→ **Aim of the exercise**
From the first entry to the last, copy everything exactly except the pictures.
(Provided information)
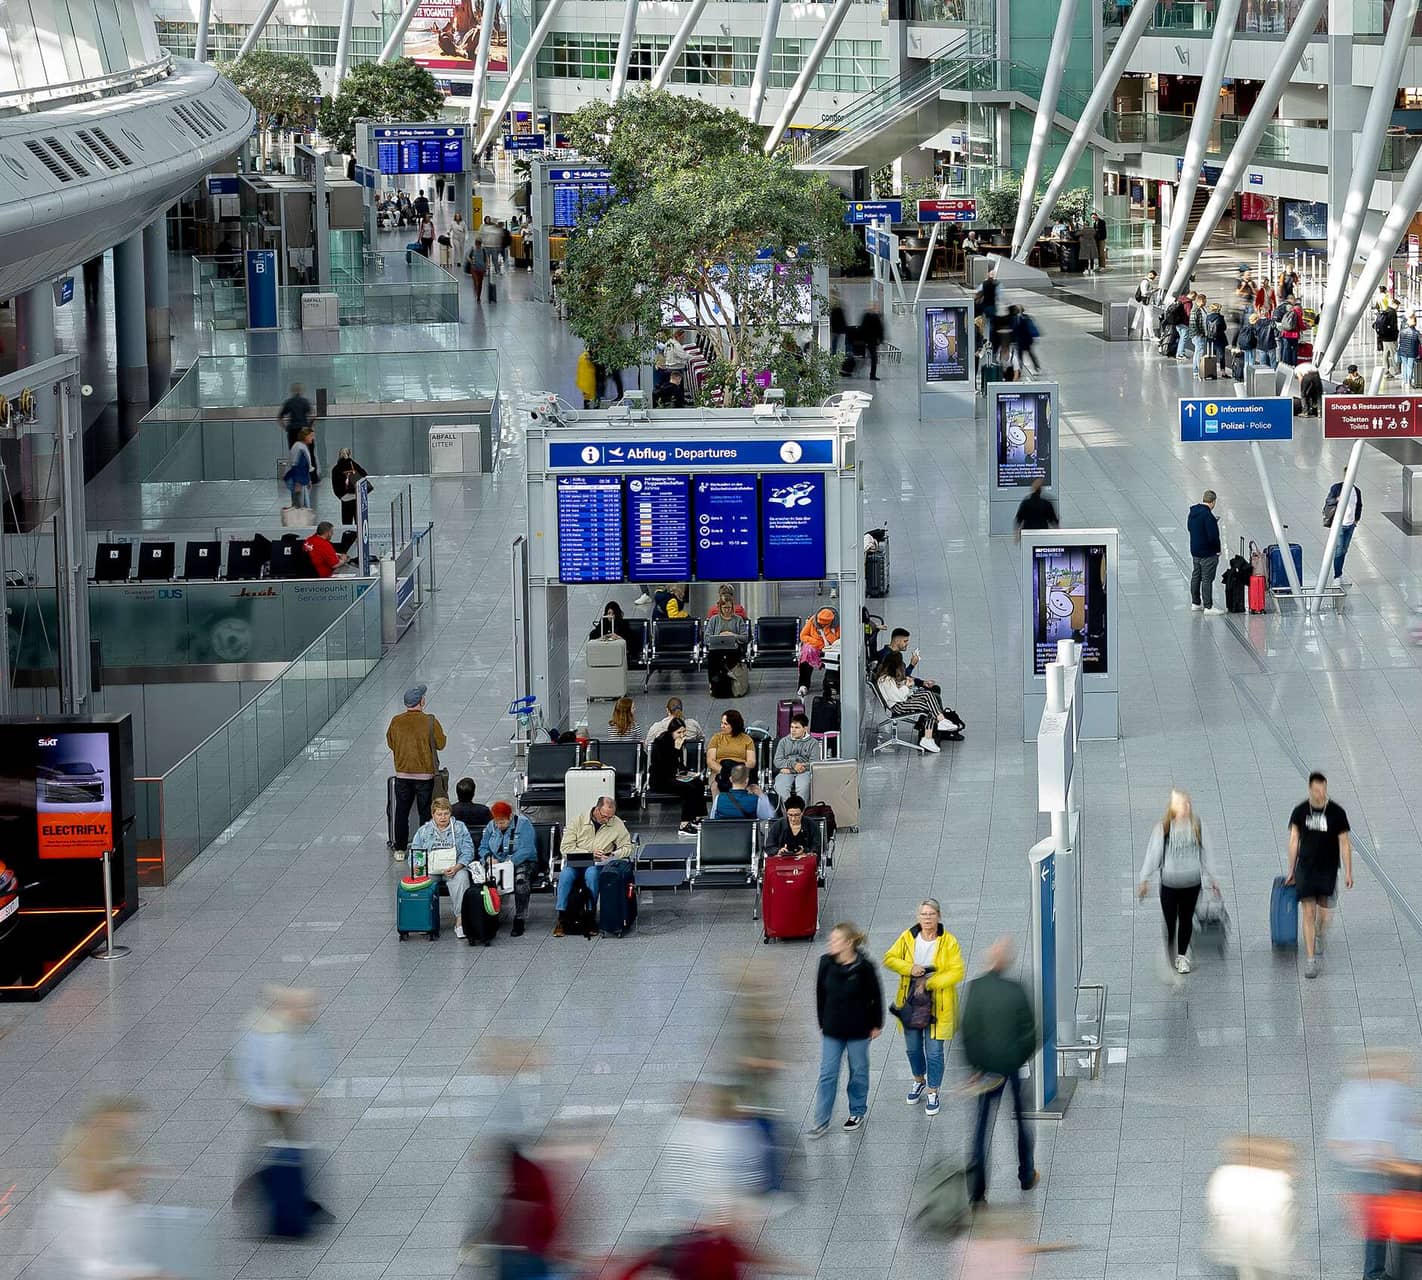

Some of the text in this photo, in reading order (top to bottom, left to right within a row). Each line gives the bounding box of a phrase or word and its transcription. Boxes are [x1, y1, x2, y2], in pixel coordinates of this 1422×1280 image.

[255, 263, 265, 274] B
[1220, 404, 1264, 413] Information
[1330, 403, 1351, 411] Shops
[1358, 402, 1396, 410] Restaurants
[1220, 421, 1273, 430] Polizei Police
[627, 447, 738, 461] Abflug Departures
[158, 589, 183, 599] DUS
[294, 584, 348, 594] Servicepunkt
[38, 738, 59, 746] SIXT
[42, 825, 109, 836] ELECTRIFLY.
(End Provided information)
→ **Exercise answer**
Some of the text in this photo, in reading order (top to bottom, left to right within a row). Each line gives the bounding box of a phrase or word and its transcription. Boxes are [x1, y1, x2, y2], in pixel coordinates of this 1422×1280 image.

[255, 263, 265, 274] B
[1220, 404, 1264, 413] Information
[1330, 403, 1351, 411] Shops
[1358, 402, 1396, 410] Restaurants
[1220, 421, 1273, 430] Polizei Police
[627, 447, 738, 461] Abflug Departures
[158, 589, 183, 599] DUS
[294, 584, 348, 594] Servicepunkt
[38, 738, 59, 746] SIXT
[42, 825, 109, 836] ELECTRIFLY.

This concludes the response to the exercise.